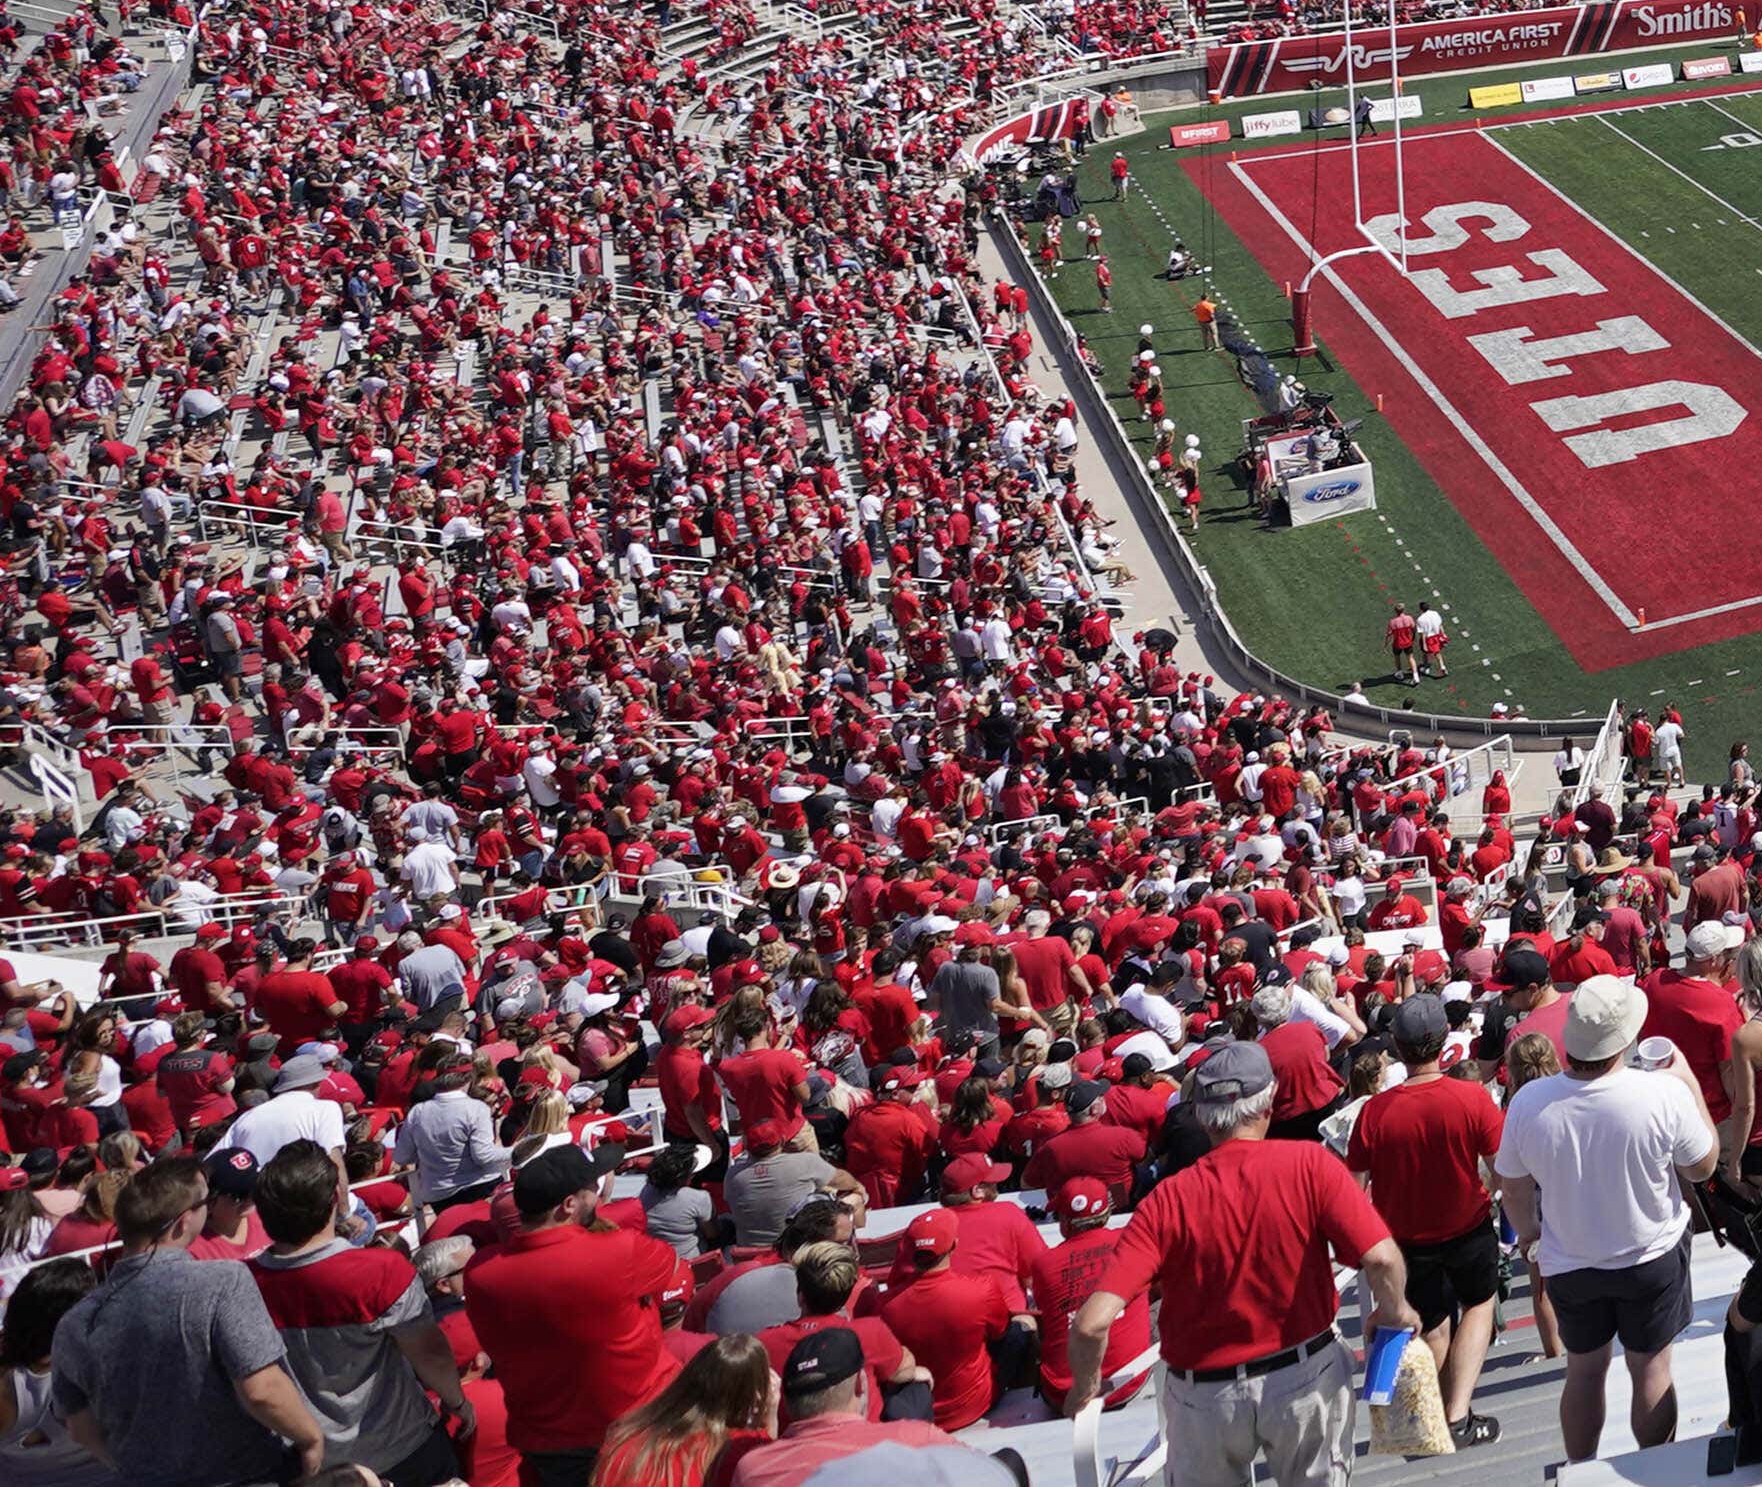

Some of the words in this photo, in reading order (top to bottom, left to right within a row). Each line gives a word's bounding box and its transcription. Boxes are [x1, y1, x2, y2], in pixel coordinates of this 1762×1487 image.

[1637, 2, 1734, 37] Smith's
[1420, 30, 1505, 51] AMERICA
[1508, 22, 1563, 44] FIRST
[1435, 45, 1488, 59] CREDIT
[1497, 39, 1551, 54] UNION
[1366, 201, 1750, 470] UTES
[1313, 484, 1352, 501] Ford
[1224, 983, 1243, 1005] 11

▸ **EXERCISE OBJECTIVE**
In your copy, repeat the records above exactly and include no images.

▸ **COMPLETED TASK**
Some of the words in this photo, in reading order (top to bottom, left to right within a row). Each line gives a word's bounding box and its transcription. Boxes are [x1, y1, x2, y2], in pixel coordinates of this 1762×1487 image.

[1637, 2, 1734, 37] Smith's
[1420, 30, 1505, 51] AMERICA
[1508, 22, 1563, 44] FIRST
[1435, 45, 1488, 59] CREDIT
[1497, 39, 1551, 54] UNION
[1366, 201, 1750, 470] UTES
[1313, 484, 1352, 501] Ford
[1224, 983, 1243, 1005] 11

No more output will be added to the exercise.